À l’époque, Michelin avait son siège quai de Willebroek, près du centre de Bruxelles. Au sein même de notre entreprise, nous étions des hommes et des femmes anonymes. Une porte à l’arrière du bâtiment nous permettait d’accéder à nos bureaux presque sans être vus. Même si, comme je vous l’ai dit la semaine dernière, nous étions souvent en déplacement, il nous arrivait régulièrement de nous rendre à Bruxelles. En effet, les années 1980 et 1990 ont été des années culinaires fastes pour la capitale belge. Il y avait, pour ainsi dire, une étoile à chaque coin de rue !
Bruneau et Dupont à Ganshoren, La Maison du Cygne sur la Grand-Place, Mon Manège à Toi à Woluwe-Saint-Lambert, La Villa Lorraine à Uccle, Comme chez soi sur la place Rouppe… Aujourd’hui, il peut sembler difficile de se remémorer que Bruxelles ait connu une telle opulence. Je ne sais pourquoi il y a eu un tel déclin. Peut-être est-ce en partie dû à la politique. Mais je ne m’étendrai pas sur ce sujet, préférant évoquer les bons souvenirs.

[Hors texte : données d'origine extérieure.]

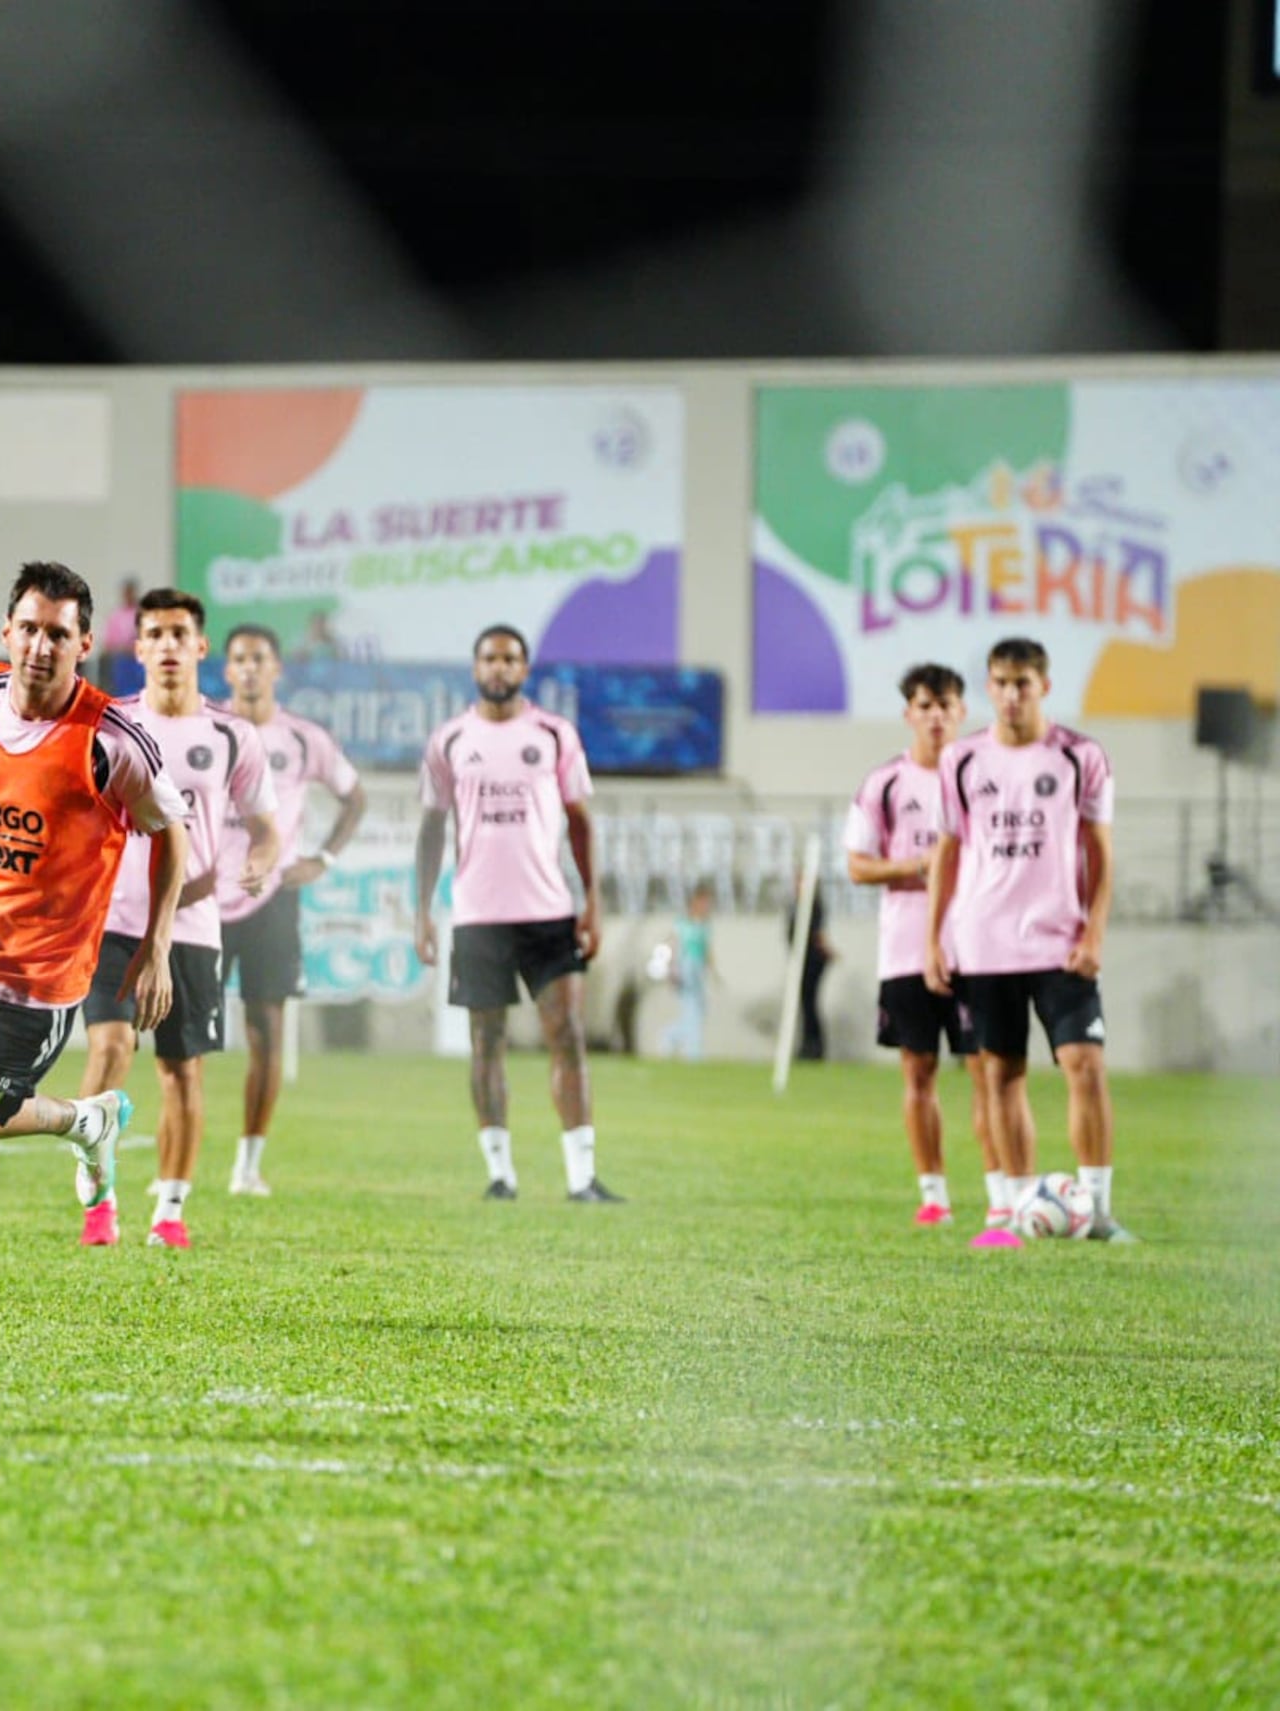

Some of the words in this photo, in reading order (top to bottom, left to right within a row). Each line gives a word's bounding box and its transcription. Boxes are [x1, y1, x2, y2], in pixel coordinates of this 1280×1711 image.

Je me souviendrai toujours de mon dîner chez Claude Dupont : les quenelles de brochet aux écrevisses sauce Nantua, les coquilles Saint-Jacques au citron grillé avec une purée de persil et un beurre blanc ; mais aussi ce râble de lièvre Arlequin aux pommes soufflées. Saviez-vous que, à La Villa Lorraine, on faisait même des crêpes soufflées ?
Et puis, il y avait Jean-Pierre Bruneau. Son association de turbot, de poireaux et de menthe était étrange, mais il a su convaincre tout le monde. Ou encore cette « poularde à la Kiev » : un blanc de volaille pané farci de beurre de truffe. Quand on le coupait, le beurre se mêlait au jus de truffe et à la purée de pomme de terre à la truffe qui l’accompagnaient. Un vrai délice. Et… Oh oui ! Son interprétation de la poire Belle-Hélène avec un fruit fourré de chocolat et de glace à la vanille dans une pâte brisée. Incroyable ! La poire était parfaitement cuite dans une croûte croustillante, bien chaude, et la sauce au chocolat coulait quand on la tranchait. L’effet chaud-froid était impressionnant. Très technique. Ces chefs maîtrisaient l’art des cuissons. Ils travaillaient au millimètre, sur la température. Karen Torosyan, du Bozar Restaurant, est, à mon avis, quelqu’un qui travaille encore comme ces chefs.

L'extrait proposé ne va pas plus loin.